Tokenized equities are a great example of RWAs integration beyond private credit and Treasury bills into more mainstream instruments. Last year’s data shows tokenized treasuries and money‑market funds exceeded $7.4B in value. When you delve into tokenized equities specifically, reports show this sector hit a market cap of $963M already in 2026. Specifically, this swing represents a 2,878% increase in value from the same time last year.

Nearly every aspect of the tokenized equities market shows growth. For example, there is currently $2.66B in monthly chain transfers across tens of thousands of active addresses.

Key Forces Driving Tokenized Equities Adoption

There are several key factors that continue to drive interest and adoption of tokenized equities. The main factor is a new trust and level of investor confidence. In the past, tokenized equities were seen as strictly speculative.

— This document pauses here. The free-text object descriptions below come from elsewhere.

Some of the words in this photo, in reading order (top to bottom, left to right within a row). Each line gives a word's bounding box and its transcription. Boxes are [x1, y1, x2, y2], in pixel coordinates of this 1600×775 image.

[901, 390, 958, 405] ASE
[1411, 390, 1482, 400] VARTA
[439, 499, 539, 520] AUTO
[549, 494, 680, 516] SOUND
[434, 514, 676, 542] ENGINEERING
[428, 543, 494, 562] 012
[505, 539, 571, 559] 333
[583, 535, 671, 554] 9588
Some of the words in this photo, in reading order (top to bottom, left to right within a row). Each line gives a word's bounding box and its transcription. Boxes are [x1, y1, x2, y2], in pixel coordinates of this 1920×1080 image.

However, today this view has shifted into a more established and trusted vision for the future of the market. Here are some other key factors driving tokenized equities adoption.

Added Exposure

At the top of the list for reasons why tokenized equities have seen explosive growth is their international exposure. The world is filled with investors eager to get in on the US markets. However, if you’re not a citizen, this is a very difficult task.

You can avoid these headaches and gain access to US and EU blue-chip companies via tokenized equities. This strategy eliminates much of the friction caused by local brokerages and FX controls. This approach also has the added benefit of avoiding high minimums as well.

Regulatory Support

Another main reason why you are likely to see tokenized equities listed by your local broker in the next six months is regulatory changes. Until this last administration, blockchain assets were very misunderstood, with many lawmakers believing that they somehow encouraged money laundering and scammers.

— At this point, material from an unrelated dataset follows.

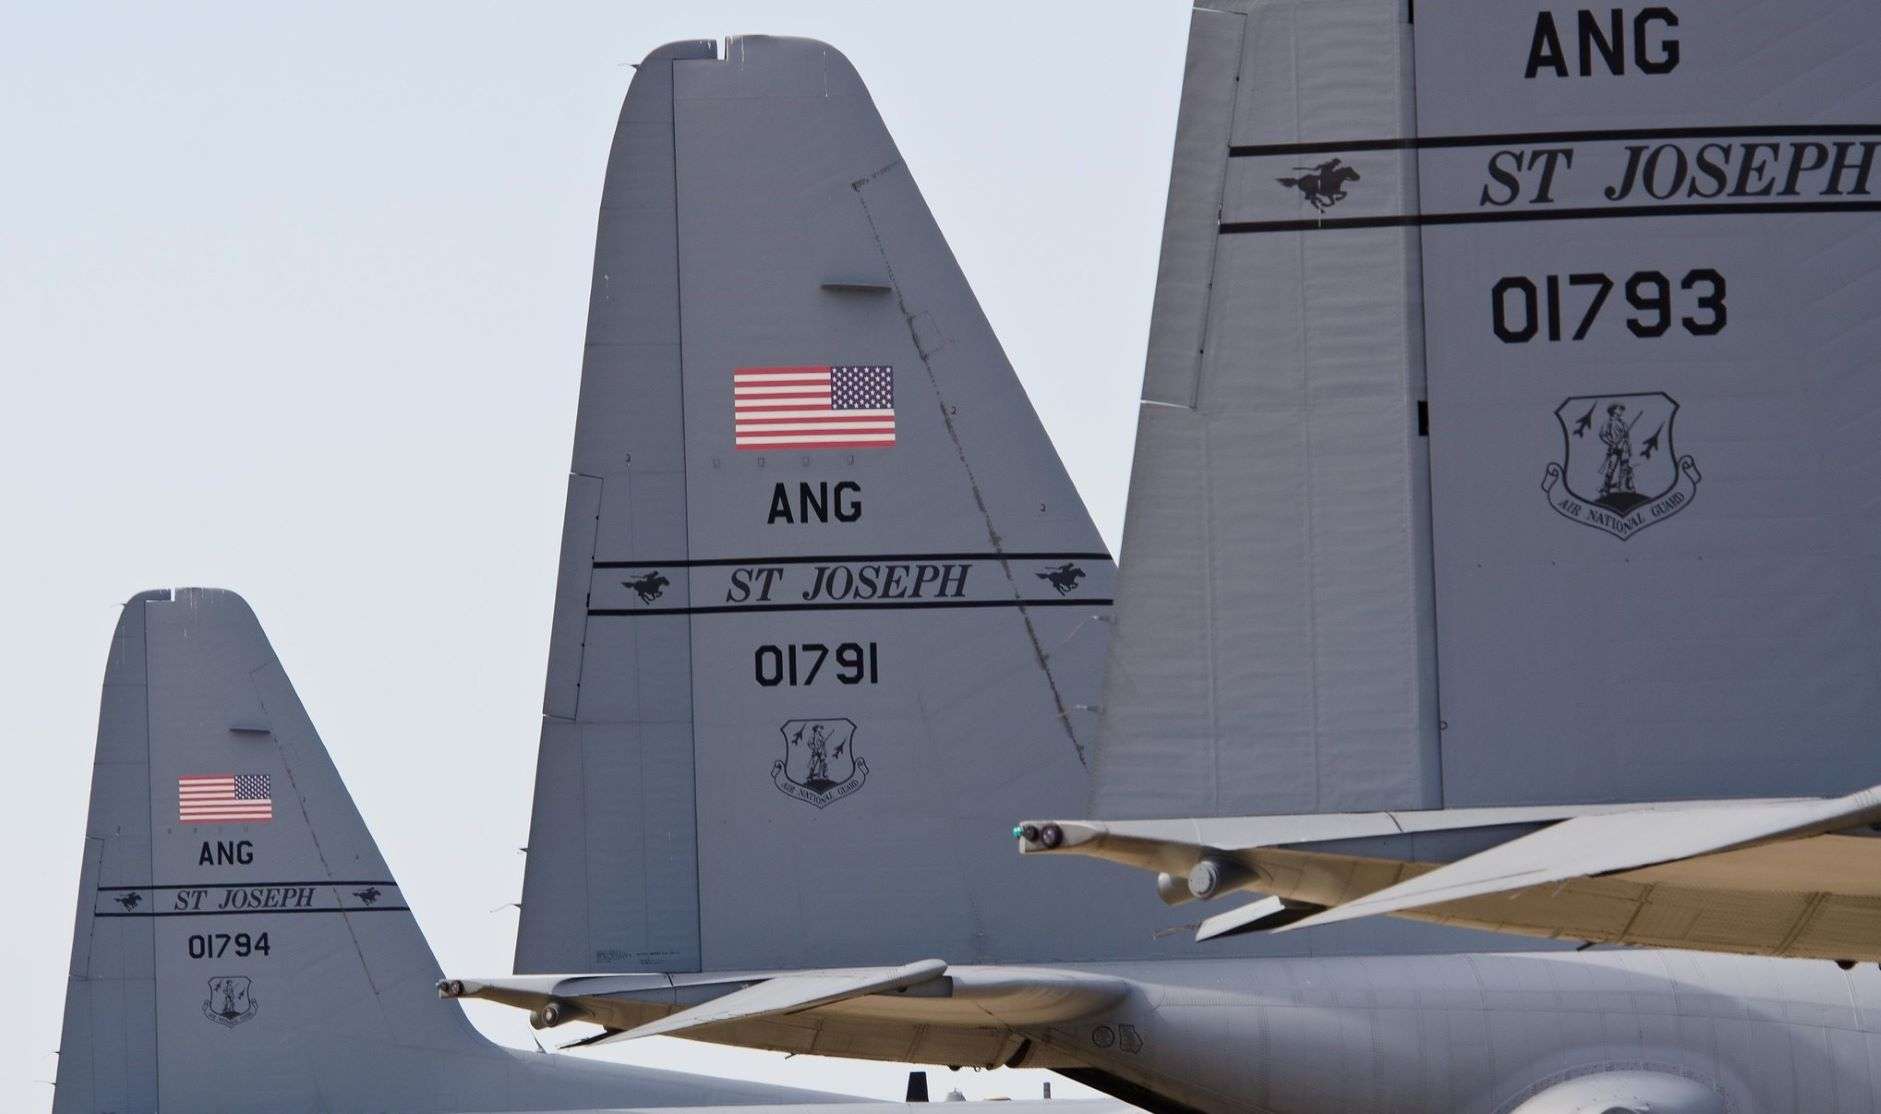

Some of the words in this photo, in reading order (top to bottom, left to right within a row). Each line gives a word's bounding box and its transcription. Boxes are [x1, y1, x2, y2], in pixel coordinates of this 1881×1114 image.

Today, there is a broader understanding of technology. Lawmakers have learned why and how blockchains work, enabling them to make decisions on these assets based on facts and not just emotions.

This scenario has led to these assets becoming an extension of capital markets rather than a speculative asset. Combine this scenario with access to growing institutional rails, new SEC guidance on broker-dealer custody, and a DTCC no-action letter tied to a tokenization pilot, and you can see why there is more investor confidence than in years prior.

24/7 Trading

The ability to trade around the clock has helped tokenize equities take flight. When discussing trading strategies, especially those of high‑frequency traders, the ability to trade 24/7 opens the door for more revenue and opportunities.

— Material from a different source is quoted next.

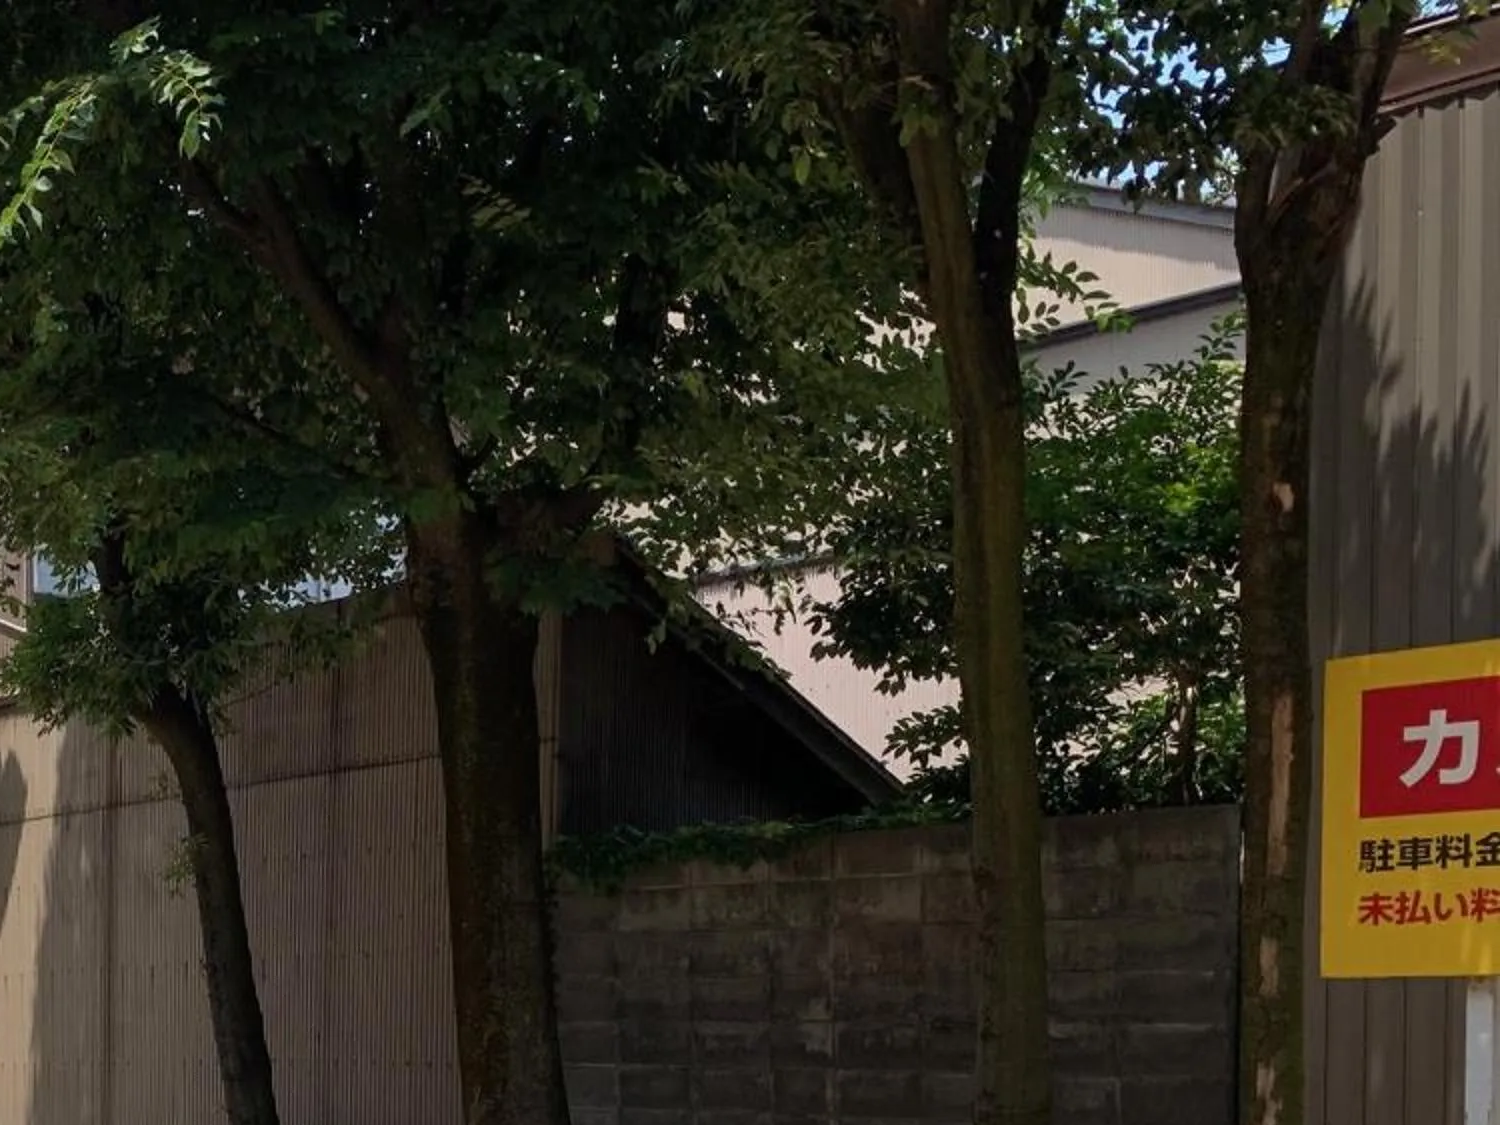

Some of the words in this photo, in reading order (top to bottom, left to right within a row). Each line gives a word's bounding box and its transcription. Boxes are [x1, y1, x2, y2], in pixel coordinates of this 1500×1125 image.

[1398, 708, 1500, 789] カ
[1357, 833, 1500, 873] 駐車料金
[1357, 887, 1500, 926] 未払い料

Investors are sick of waiting over the weekend and holidays to trade their assets. These are the times that volatility can spawn and expand, leaving traders helpless until Monday morning. Tokenized assets enable traders to avoid additional losses by allowing them to trade whenever they want.

Instant Settlement

Aside from transferring quicker and providing more access, tokenized assets offer instant settlement. Instant settlement is a major upgrade, as traditional requests could take over 2 days to complete. During this time, trades could miss out on other lucrative opportunities.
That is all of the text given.